Extracted data entries
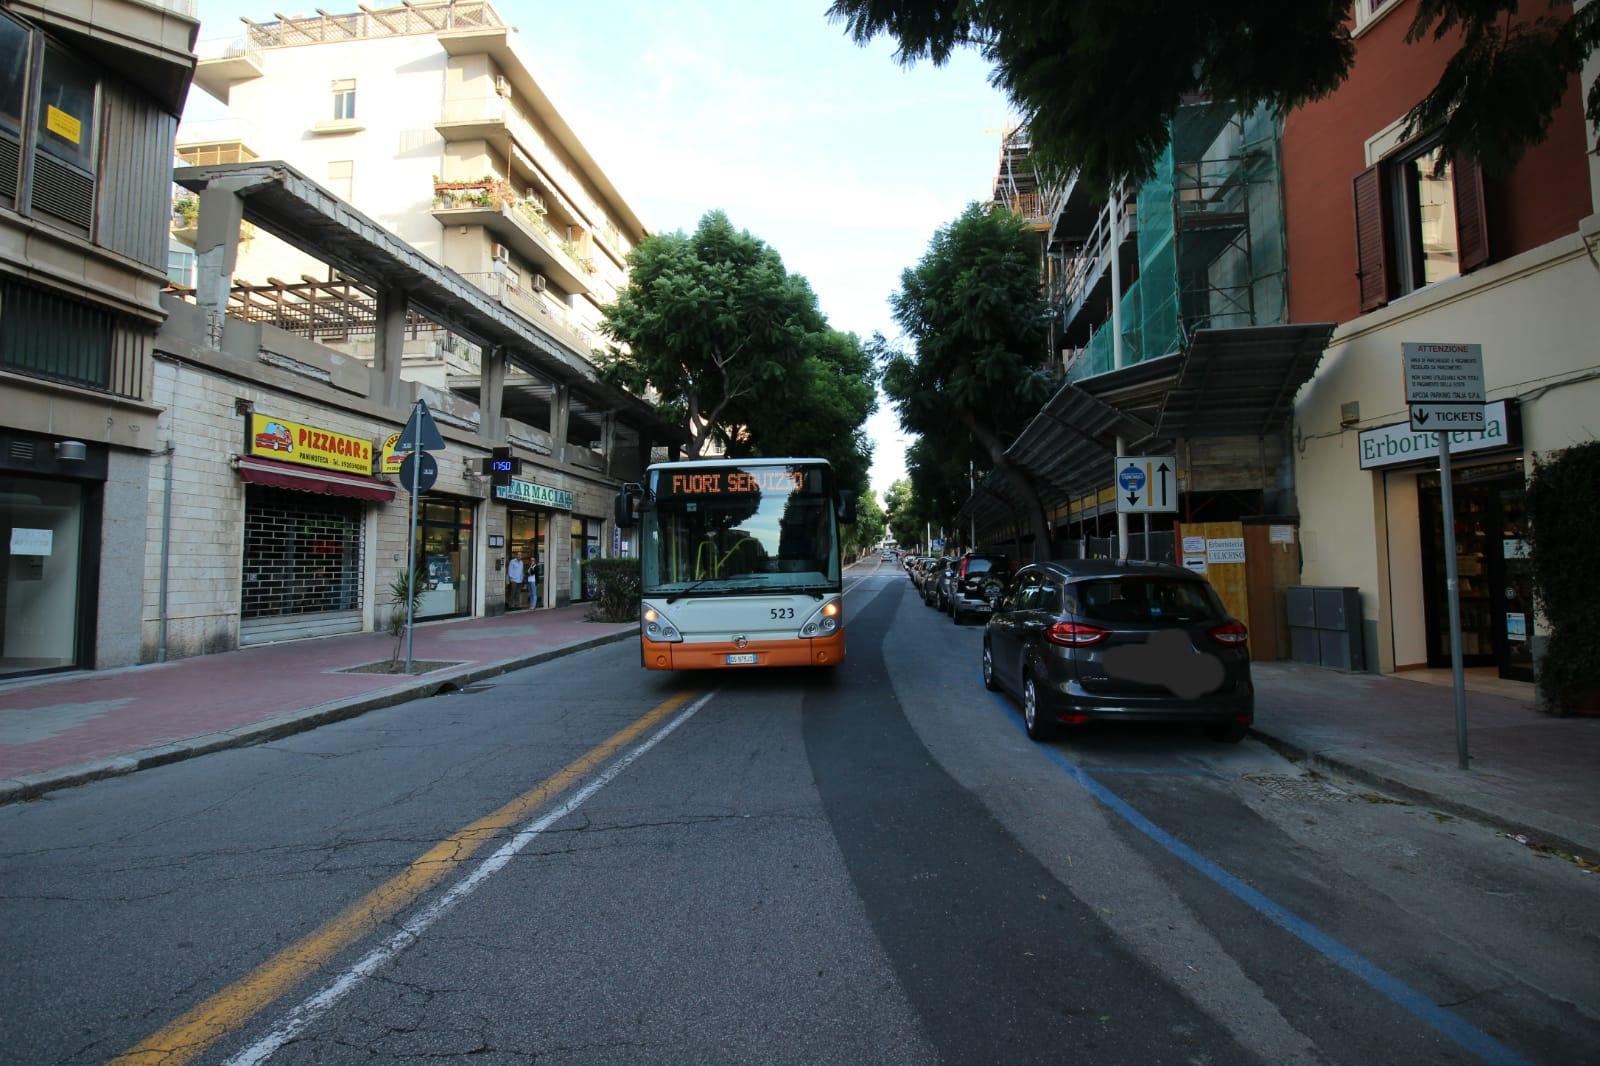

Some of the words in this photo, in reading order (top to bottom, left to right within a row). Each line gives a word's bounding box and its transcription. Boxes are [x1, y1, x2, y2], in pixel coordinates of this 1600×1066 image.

[1429, 391, 1451, 399] PARKING
[1435, 412, 1483, 421] TICKETS
[298, 428, 361, 459] PIZZACAR
[362, 447, 368, 460] 2
[299, 451, 329, 464] PANINOTECA
[672, 473, 721, 494] FUORI
[727, 471, 803, 492] SERVIZIO
[508, 481, 566, 503] FARMACIA
[770, 607, 795, 620] 523
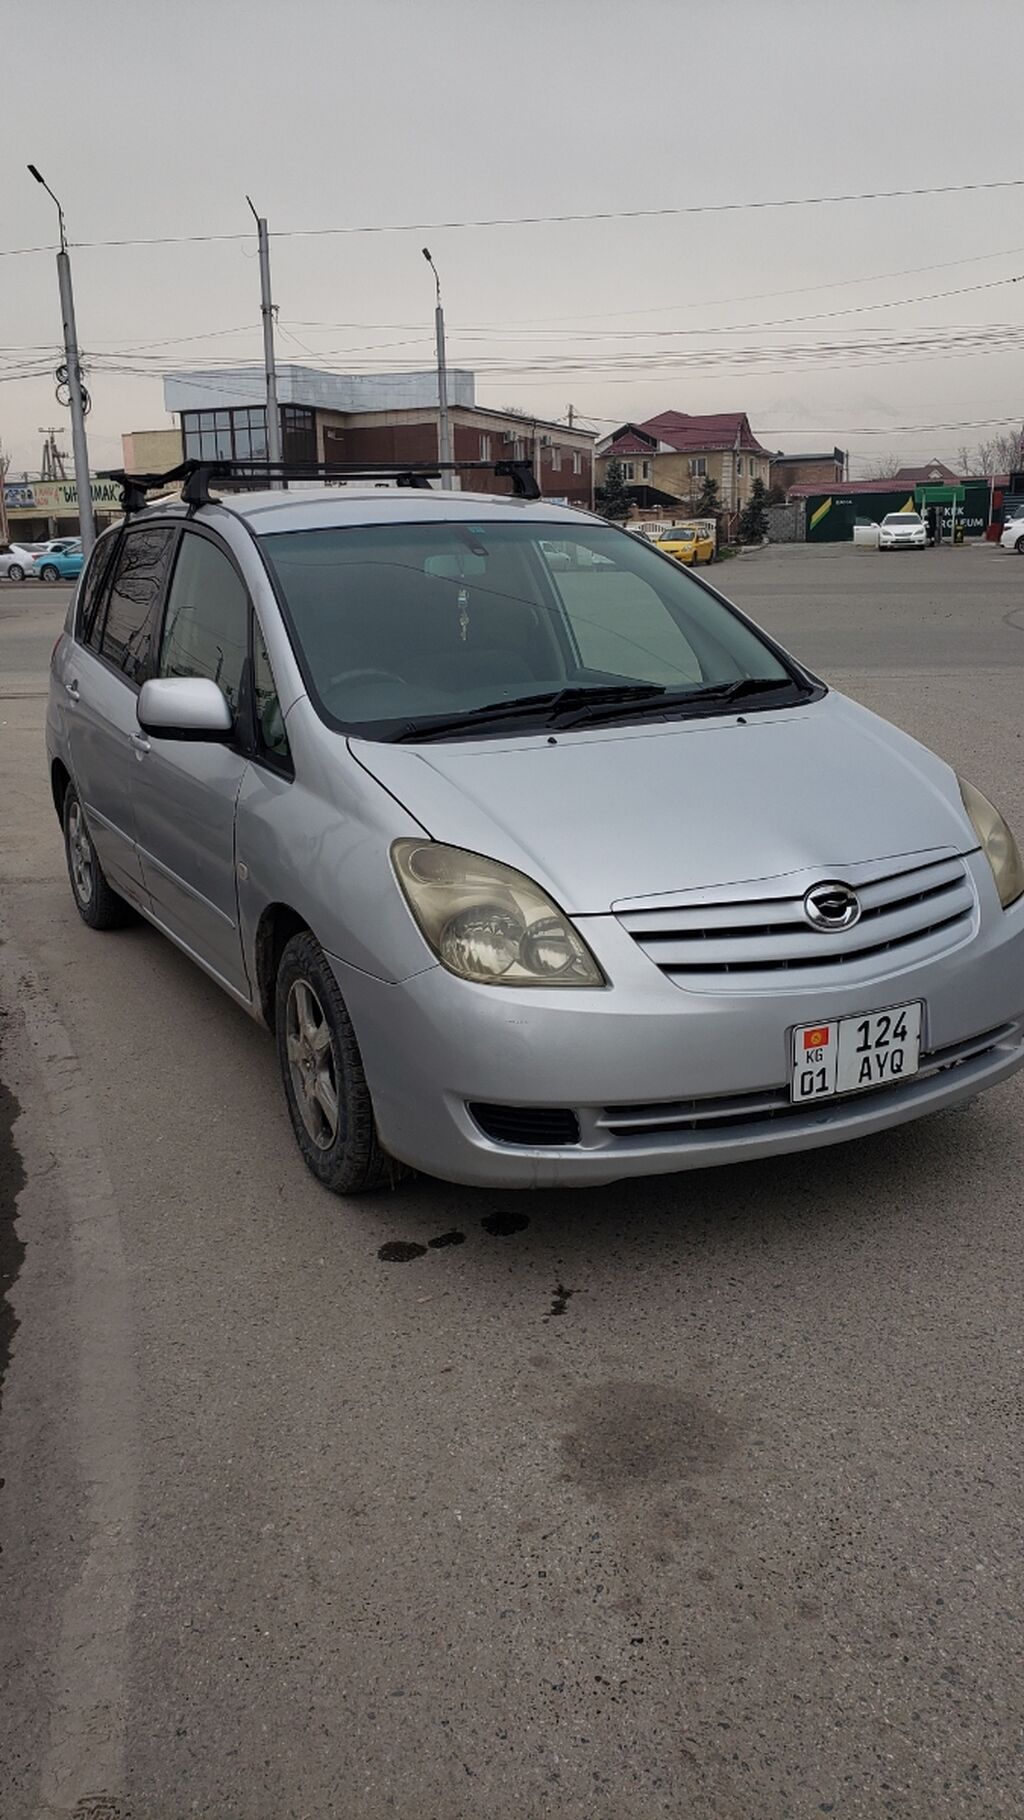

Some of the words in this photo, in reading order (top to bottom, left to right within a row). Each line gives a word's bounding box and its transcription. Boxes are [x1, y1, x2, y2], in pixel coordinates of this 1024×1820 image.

[856, 1011, 908, 1053] 124
[806, 1048, 823, 1064] KG
[858, 1049, 904, 1083] AYQ
[800, 1067, 829, 1096] 01
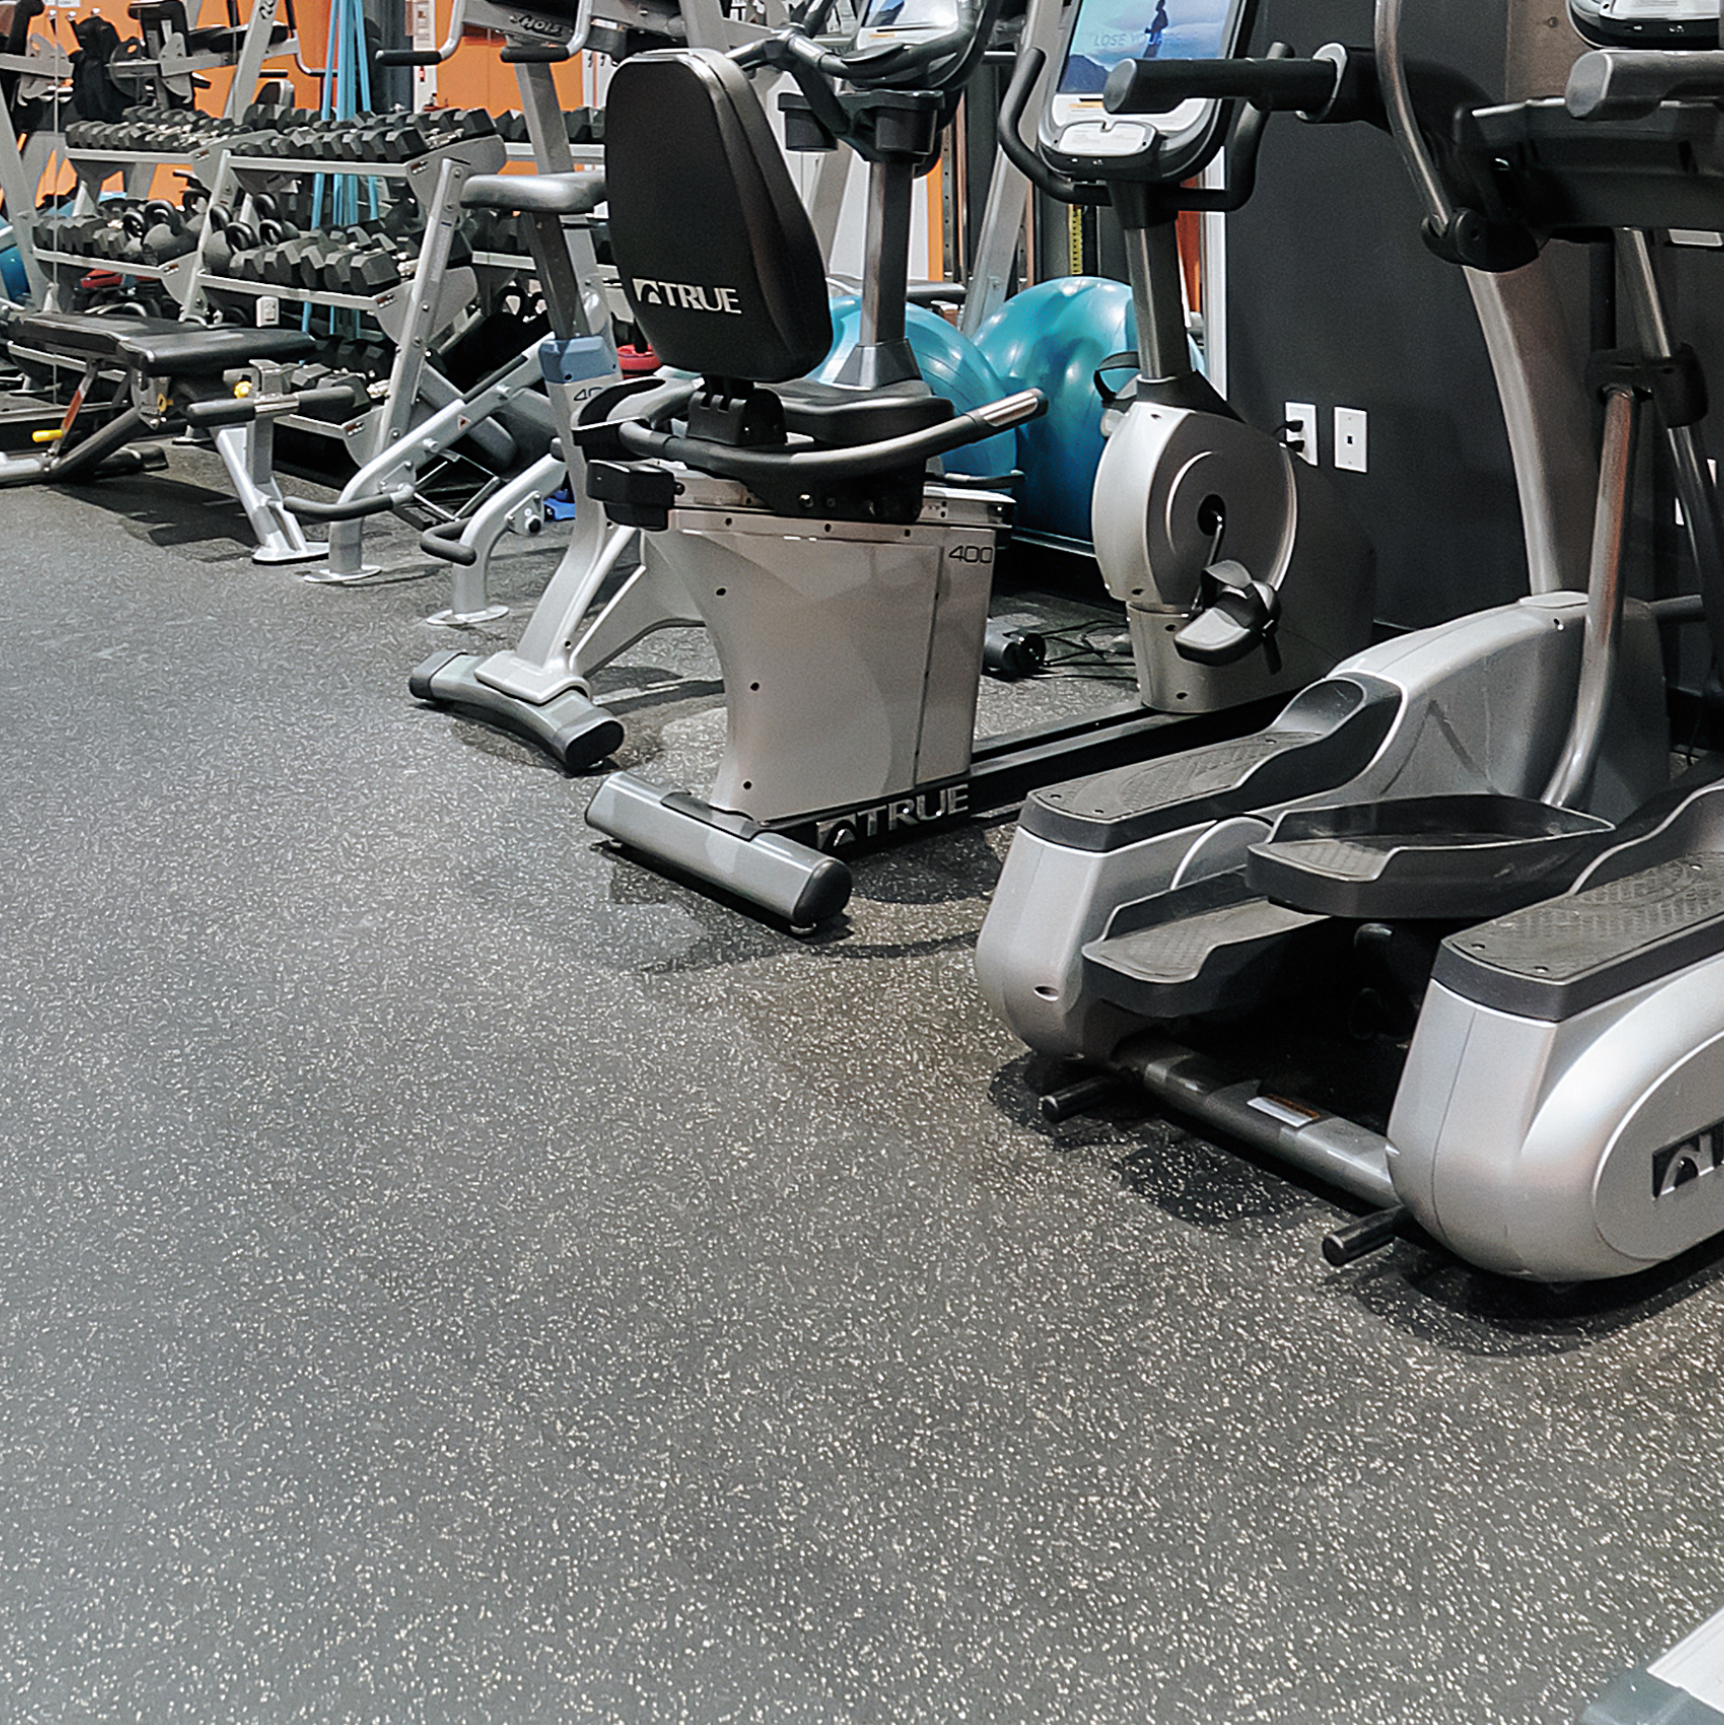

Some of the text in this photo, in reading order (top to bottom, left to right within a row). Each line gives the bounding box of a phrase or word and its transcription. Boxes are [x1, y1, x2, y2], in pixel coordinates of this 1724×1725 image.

[659, 280, 742, 314] TRUE
[949, 544, 994, 567] 400
[856, 783, 971, 847] TRUE

(What you are asked to do)
Your answer must be the records above, word for word, with every picture left out.

(Exercise result)
Some of the words in this photo, in reading order (top to bottom, left to right within a row). Each line gives a word's bounding box and its transcription. Boxes are [x1, y1, x2, y2], in pixel coordinates of this 1600×1066 image.

[1429, 391, 1451, 399] PARKING
[1435, 412, 1483, 421] TICKETS
[298, 428, 361, 459] PIZZACAR
[362, 447, 368, 460] 2
[299, 451, 329, 464] PANINOTECA
[672, 473, 721, 494] FUORI
[727, 471, 803, 492] SERVIZIO
[508, 481, 566, 503] FARMACIA
[770, 607, 795, 620] 523

Some of the words in this photo, in reading order (top to bottom, left to right within a row). Each line gives a word's bounding box and its transcription. Boxes are [x1, y1, x2, y2], in pixel coordinates of this 1024×1820 image.

[856, 1011, 908, 1053] 124
[806, 1048, 823, 1064] KG
[858, 1049, 904, 1083] AYQ
[800, 1067, 829, 1096] 01

Some of the text in this photo, in reading order (top to bottom, left to right within a row). Each line gives the bounding box of a phrase or word and its transcription. Boxes are [x1, y1, x2, y2], in pixel coordinates of this 1724×1725 image.

[659, 280, 742, 314] TRUE
[949, 544, 994, 567] 400
[856, 783, 971, 847] TRUE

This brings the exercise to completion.